In circumstances where a Trust is joined to proceedings, the court will look to all the circumstances of the relationship between the beneficiary and the Trustees before making a finding under the Thomas principles. This may include the history of the Trust, especially if it appears to have been created with the intention of putting assets out of the reach of the other spouse and the origin of the monies in the Trust; what the Trustees say they will or will not do via a statement of intent; how much power or influence the beneficiary has over the Trustees; and whether the Trustees have previously granted funds and the circumstances of any such distributions. This may also include any separate agreements or discussions between the beneficiaries; the interests of the other beneficiaries and whether a distribution would impinge upon their rights (particularly any children or unborn beneficiaries); the liquidity of the Trust assets; as well as the long-term objectives of the Trust.

It is likely that, if so joined, the court will direct that the Trustees should file a statement setting out their case alongside disclosure orders for documents such as the Trust accounts, and that a representative of the Trust gives evidence at a trial. If the court must resolve the issues of dispute before a final determination of the matrimonial proceedings, this may be done as a preliminary issue trial. This is a significant step as there may be cost consequences and delay.

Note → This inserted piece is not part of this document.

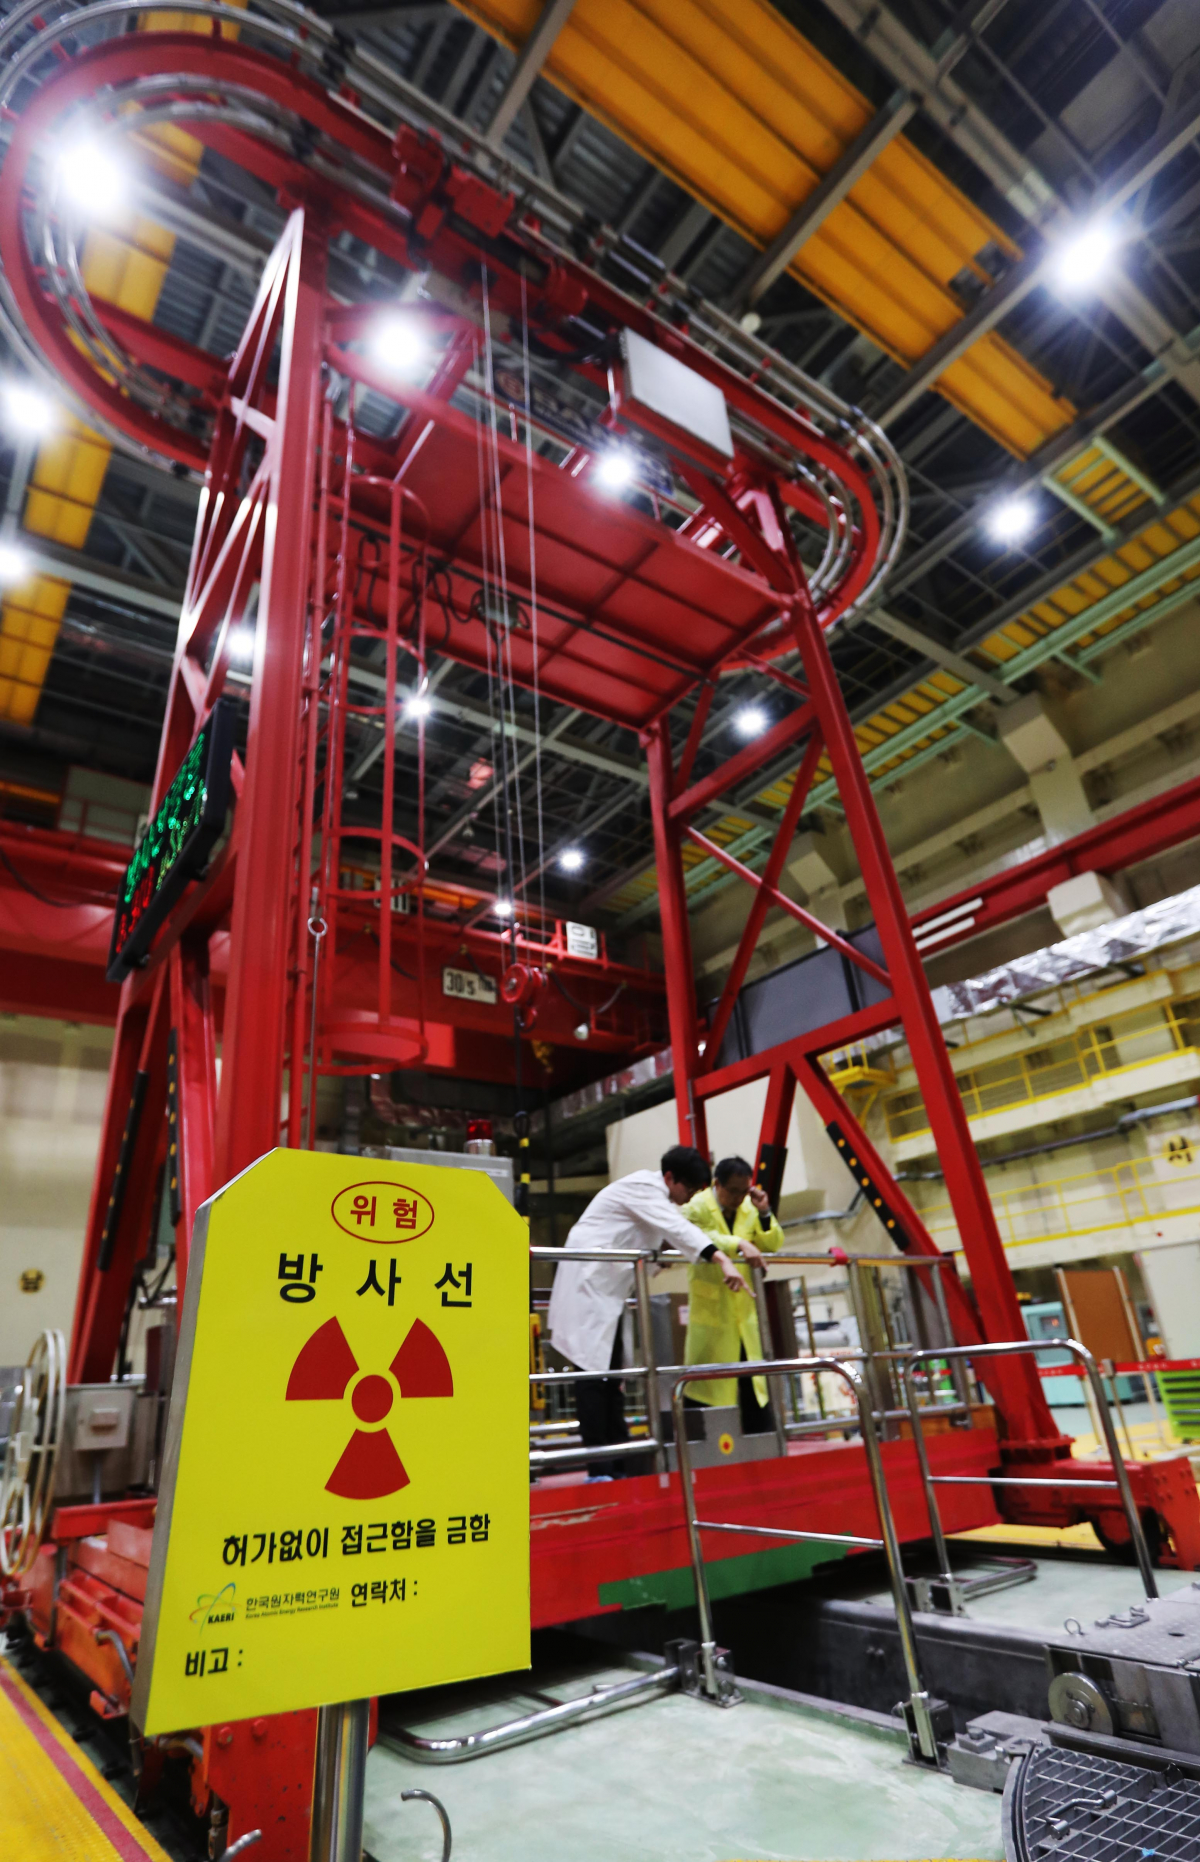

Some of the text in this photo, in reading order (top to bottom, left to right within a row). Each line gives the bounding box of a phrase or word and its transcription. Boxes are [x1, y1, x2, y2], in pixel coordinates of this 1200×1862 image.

[221, 1512, 492, 1567] 허가없이 접근함을 금함
[246, 1587, 340, 1611] 한국원자력연구원
[207, 1611, 236, 1625] KAERI

Whilst it is an obvious point, there is a definite need for the Trustees to take their own early advice where a beneficiary is entering into divorce proceedings. They must remain conscious of their duties to any other beneficiaries and seek to make their position clear to the beneficiary spouse at the very outset. If the Trustees do not intend to exercise their discretion to make any distributions, then a statement of intent confirming the same may provide significant protection. The Trustees may also need to assist the matrimonial lawyer of the beneficiary spouse in ensuring a proper interpretation of the Trust documents and in identifying the Trustees and beneficiaries. Importantly, a discretionary structure with no fixed entitlement for any beneficiary is harder for a claimant spouse to attack. Trustees should ensure that they “do the basics” from the outset, which includes managing the Trust properly, avoiding becoming a cheque book for the family, and making proper decisions about distributions, so that if the Trust is later brought in to matrimonial proceedings, the Trust will less likely be considered a cipher or resource for one spouse or the other.

Crucially, many of these issues can be mitigated or avoided by the Trustees and the beneficiary spouse having early and direct conversations. However, for Trusts based in another jurisdiction, the best course of action may simply be to stay at arm’s length and not engage.

As the family court Judges face more situations where there are insufficient matrimonial resources to meet the parties needs, they will more readily look to ‘all other resources’ that might be available, most notably, Trusts. For spouses looking to exclude these assets, and Trustees looking to protect their other beneficiaries, a firm and direct approach is needed. These are nuanced cases and whilst this may front load costs it will almost always be an effective strategy either in avoiding or settling litigation or in ensuring the best chance of success at trial.